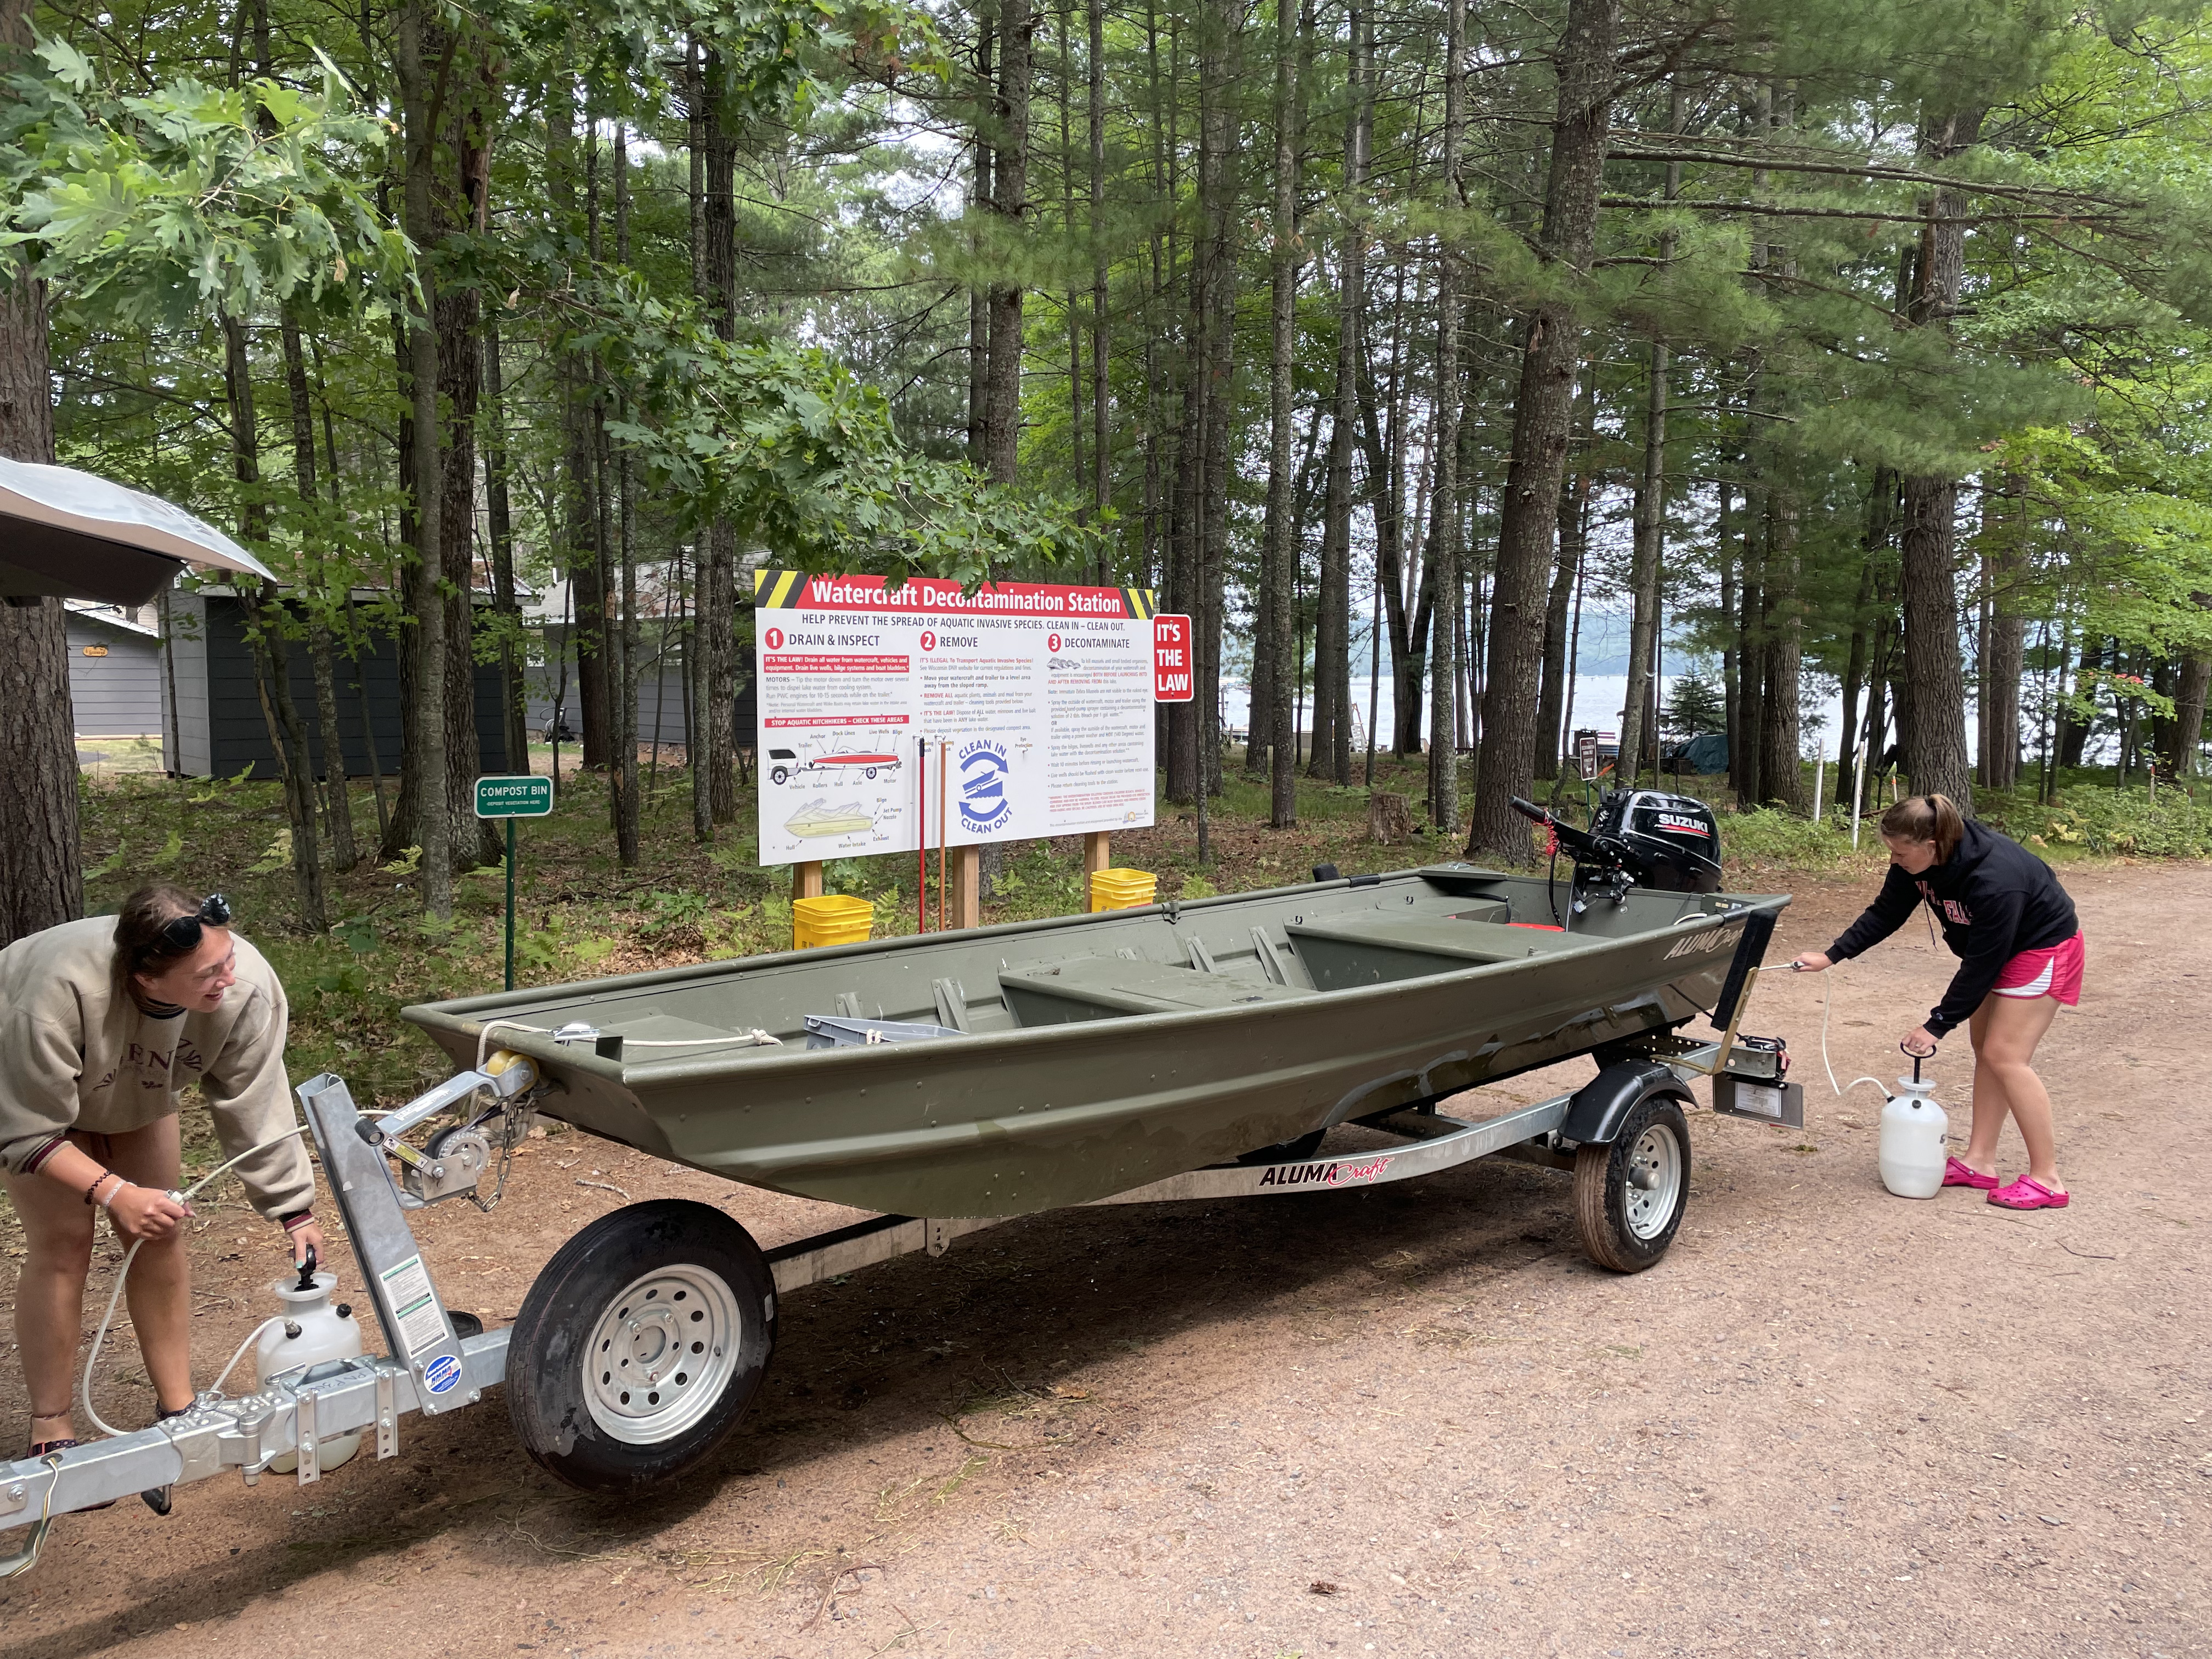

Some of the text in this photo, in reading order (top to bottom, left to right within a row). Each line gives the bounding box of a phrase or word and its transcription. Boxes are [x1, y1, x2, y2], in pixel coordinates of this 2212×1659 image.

[812, 582, 917, 606] Watercraft
[1069, 592, 1120, 613] Station
[802, 614, 825, 624] HELP
[829, 614, 869, 625] PREVENT
[872, 616, 888, 625] THE
[891, 617, 924, 626] SPREAD
[927, 618, 937, 627] OF
[940, 618, 974, 628] AQUATIC
[977, 619, 1012, 628] INVASIVE
[1014, 620, 1044, 629] SPECIES.
[1047, 621, 1069, 629] CLEAN
[1072, 622, 1079, 630] IN
[1087, 622, 1108, 630] CLEAN
[1110, 622, 1125, 630] OUT.
[770, 630, 880, 647] 1 DRAIN & INSPECT
[924, 634, 978, 648] 2 REMOVE
[1157, 624, 1181, 642] IT'S
[1051, 636, 1130, 650] 3 DECONTAMINATE
[1157, 649, 1182, 667] THE
[1158, 674, 1188, 691] LAW
[958, 740, 1007, 759] CLEAN IN
[481, 786, 548, 797] COMPOST BIN
[961, 807, 1012, 833] CLEAN OUT
[1658, 814, 1708, 833] SUZUKI

◆ ◆ ◆ ◆ ◆

Repeat the preceding records precisely, and leave every picture out of the copy.

Some of the text in this photo, in reading order (top to bottom, left to right within a row). Each line gives the bounding box of a phrase or word and its transcription. Boxes are [x1, y1, x2, y2], in pixel coordinates of this 2212×1659 image.

[812, 582, 917, 606] Watercraft
[1069, 592, 1120, 613] Station
[802, 614, 825, 624] HELP
[829, 614, 869, 625] PREVENT
[872, 616, 888, 625] THE
[891, 617, 924, 626] SPREAD
[927, 618, 937, 627] OF
[940, 618, 974, 628] AQUATIC
[977, 619, 1012, 628] INVASIVE
[1014, 620, 1044, 629] SPECIES.
[1047, 621, 1069, 629] CLEAN
[1072, 622, 1079, 630] IN
[1087, 622, 1108, 630] CLEAN
[1110, 622, 1125, 630] OUT.
[770, 630, 880, 647] 1 DRAIN & INSPECT
[924, 634, 978, 648] 2 REMOVE
[1157, 624, 1181, 642] IT'S
[1051, 636, 1130, 650] 3 DECONTAMINATE
[1157, 649, 1182, 667] THE
[1158, 674, 1188, 691] LAW
[958, 740, 1007, 759] CLEAN IN
[481, 786, 548, 797] COMPOST BIN
[961, 807, 1012, 833] CLEAN OUT
[1658, 814, 1708, 833] SUZUKI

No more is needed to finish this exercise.